State troopers had trailed the ambulance in and learned from Norman Curtis, acting as spokesman for the others, what had happened—what seemed to have happened. One of the troopers, with a flashlight, had gone down to the pool and looked into it, and his flashlight had shown blood on the pool’s floor, near the side, in the deep end. The sky had clouded over and hastened darkness; further investigation—the going through of the motions—had been postponed until morning and morning’s light.
The body of Ann Bedlow had been taken to a hospital mortuary, for autopsy by, or at the direction of, the proper authority—in Putnam County the coroner, at this time Dr. Eugene Smith. There had been no urgency in taking any of these steps; what had happened was sad and obvious.
Not obvious any longer—a stone with blood on it; almost certainly blood. Analysis would be required; analysis would, Forniss was certain, only verify. Exhibit A the stone was—would some day be. A stone which might fit a hand, might be used as a weapon held in a hand. Or might, of course, have been thrown.
There was always that, Forniss thought, moving down the path toward the big bath house, where a trooper and a man in khaki stood, no longer talking now, merely looking at the others. Somebody might have thrown a stone at Ann Bedlow—thrown it perhaps in sudden, violent anger, not meaning
murder; thrown harder and more accurately than he had intended; realized the woman was mortally hurt and staged an accident. Carried her, it could be presumed, to the pool and dropped her in, head first.
Possible—not, Forniss thought, too likely.
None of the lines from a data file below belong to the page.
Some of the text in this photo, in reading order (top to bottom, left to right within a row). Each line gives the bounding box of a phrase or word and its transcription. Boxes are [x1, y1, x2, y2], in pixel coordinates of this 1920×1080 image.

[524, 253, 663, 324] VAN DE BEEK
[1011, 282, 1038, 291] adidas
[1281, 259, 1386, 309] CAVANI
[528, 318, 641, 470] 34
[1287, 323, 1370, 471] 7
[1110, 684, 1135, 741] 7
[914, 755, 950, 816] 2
A hand lifted with a stone in it, brought down to kill—that was more like it. Murder was more like it.
He went down to the bath house primarily to get out of the way of the photographer. Crowley could be used—crouched by the stone, pointing at it—for perspective shots.
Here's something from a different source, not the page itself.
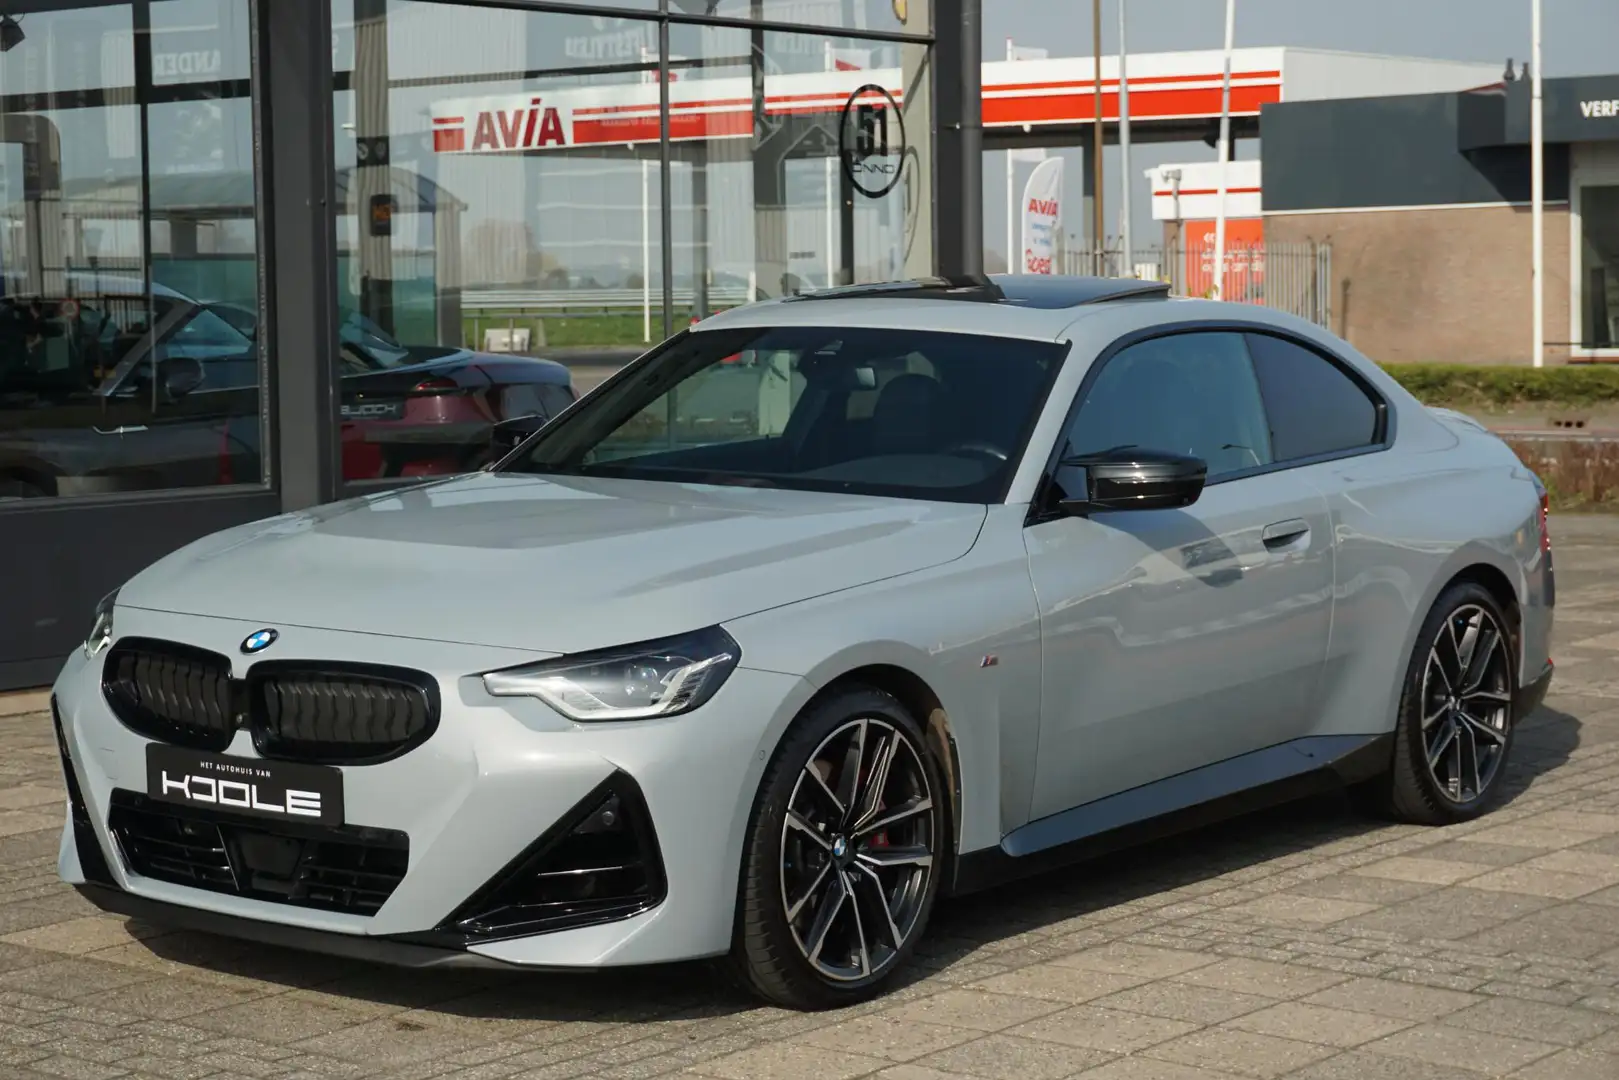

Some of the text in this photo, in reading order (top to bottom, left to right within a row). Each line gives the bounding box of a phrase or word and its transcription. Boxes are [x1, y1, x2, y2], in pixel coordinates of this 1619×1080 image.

[857, 103, 888, 157] 51
[200, 760, 271, 778] HET AUTOHUIS VAN
[161, 770, 322, 818] KOOLE
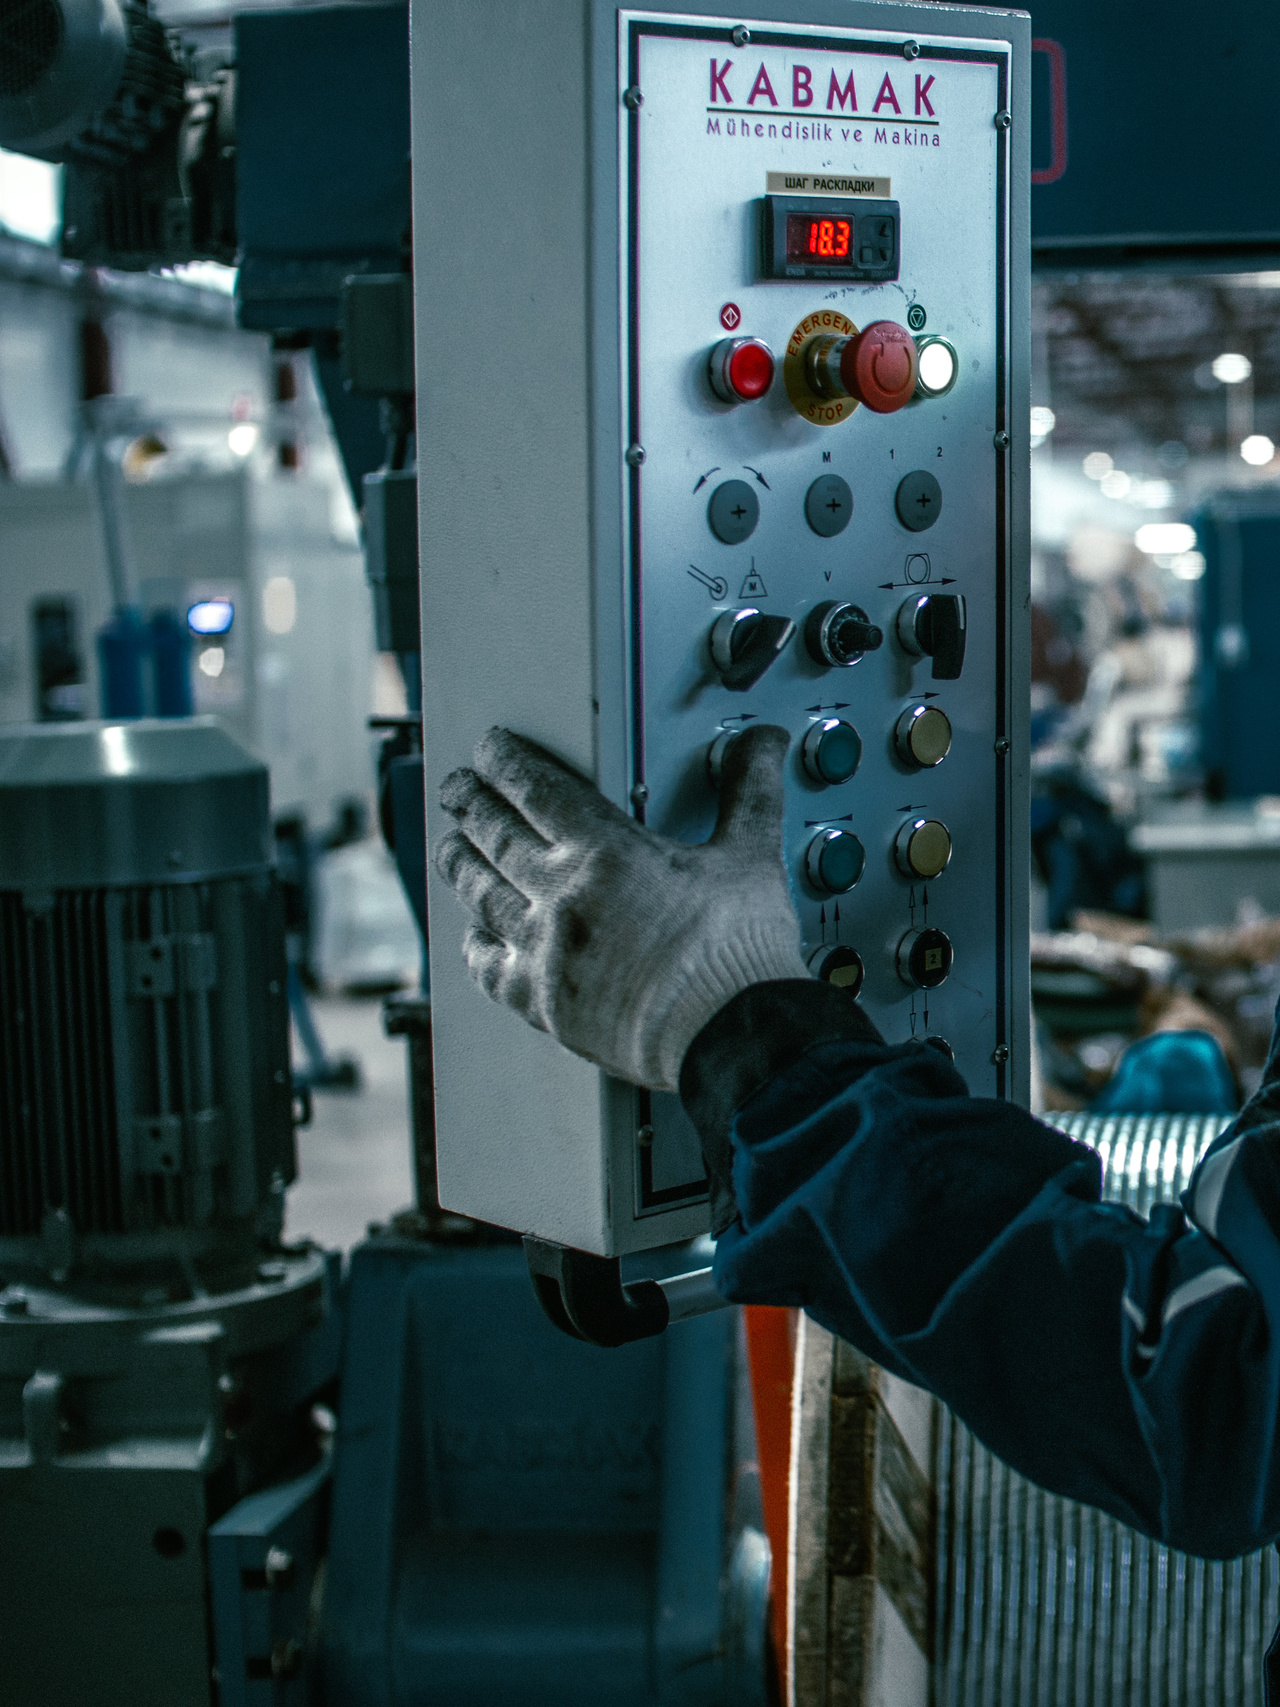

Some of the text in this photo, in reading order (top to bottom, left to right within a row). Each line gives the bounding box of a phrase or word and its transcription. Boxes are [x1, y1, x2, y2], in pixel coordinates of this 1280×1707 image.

“This is Mr. Sarles,” the trooper told him, when he joined them. “Find something, sergeant?”
“Yep,” Forniss said, and told them what.
Sarles was the burly man. He had a red face, blue eyes. He was about, Forniss thought, fifty. Not that that mattered.
“You’re saying she was killed?” Sarles said, and Forniss said it looked that way.
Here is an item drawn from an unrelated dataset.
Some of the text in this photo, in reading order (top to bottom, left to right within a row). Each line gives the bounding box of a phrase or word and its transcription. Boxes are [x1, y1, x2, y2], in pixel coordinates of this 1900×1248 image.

“Then it could mean something,” Sarles said. “Somebody’s holing up in here.” He gestured over his shoulder, at the guest house. “Broke in around back. Want to see?”
Forniss wanted to see.
“First I knew about it was this morning,” Sarles said. “Couple of hours ago.” They had gone around the house by then, to a door in the rear. The lock had been forced, possibly with a jimmy, perhaps merely a heavy screwdriver. They opened the door and went into a kitchen—small, very modern. It was warm in the kitchen.
“Keep the heat on all winter,” Sarles said. “Big house and this one too—same system. See what I mean, somebody’s been holing up?”
Forniss saw—saw a refuse bin of opened cans, saw dirty dishes in the sink; saw, too, that food had dried on the dishes.
A bathroom opened off a corridor leading from the kitchen. There was a used—probably often used—towel on a rack. “Made himself at home,” Forniss said, to Sarles, and Sarles said, “Sure did,” and guided on—guided to an attractive bedroom, with twin beds, and one of them slept in. Several times slept in, Forniss thought.